Start of Block

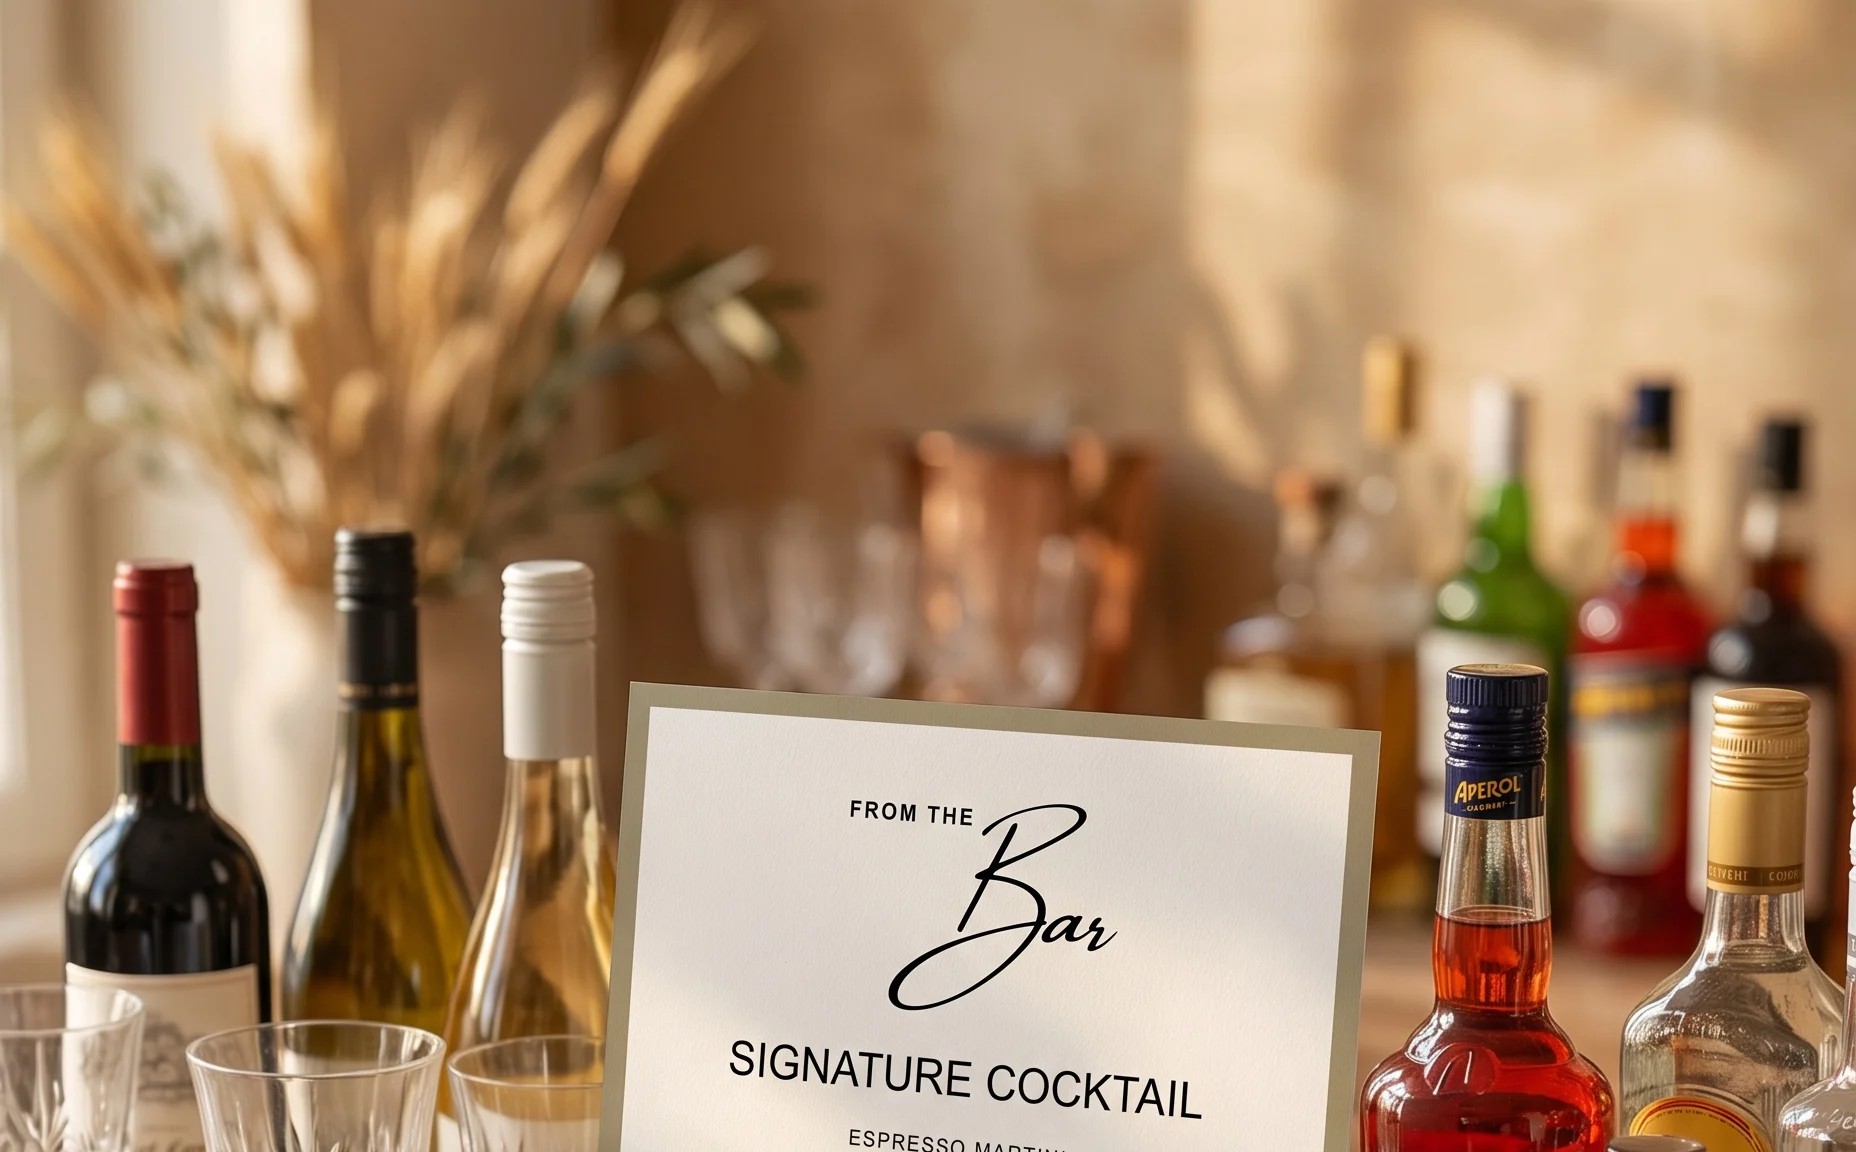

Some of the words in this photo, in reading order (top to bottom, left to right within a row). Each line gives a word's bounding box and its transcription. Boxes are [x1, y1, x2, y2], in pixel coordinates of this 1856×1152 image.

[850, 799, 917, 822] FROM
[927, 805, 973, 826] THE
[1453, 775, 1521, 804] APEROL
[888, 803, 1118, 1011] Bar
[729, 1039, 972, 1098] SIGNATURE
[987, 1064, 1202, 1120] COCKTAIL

End of Block

## Exercise goal
Without the pictures, give every line above again exactly.

## Response area
Some of the words in this photo, in reading order (top to bottom, left to right within a row). Each line gives a word's bounding box and its transcription. Boxes are [x1, y1, x2, y2], in pixel coordinates of this 1856×1152 image.

[850, 799, 917, 822] FROM
[927, 805, 973, 826] THE
[1453, 775, 1521, 804] APEROL
[888, 803, 1118, 1011] Bar
[729, 1039, 972, 1098] SIGNATURE
[987, 1064, 1202, 1120] COCKTAIL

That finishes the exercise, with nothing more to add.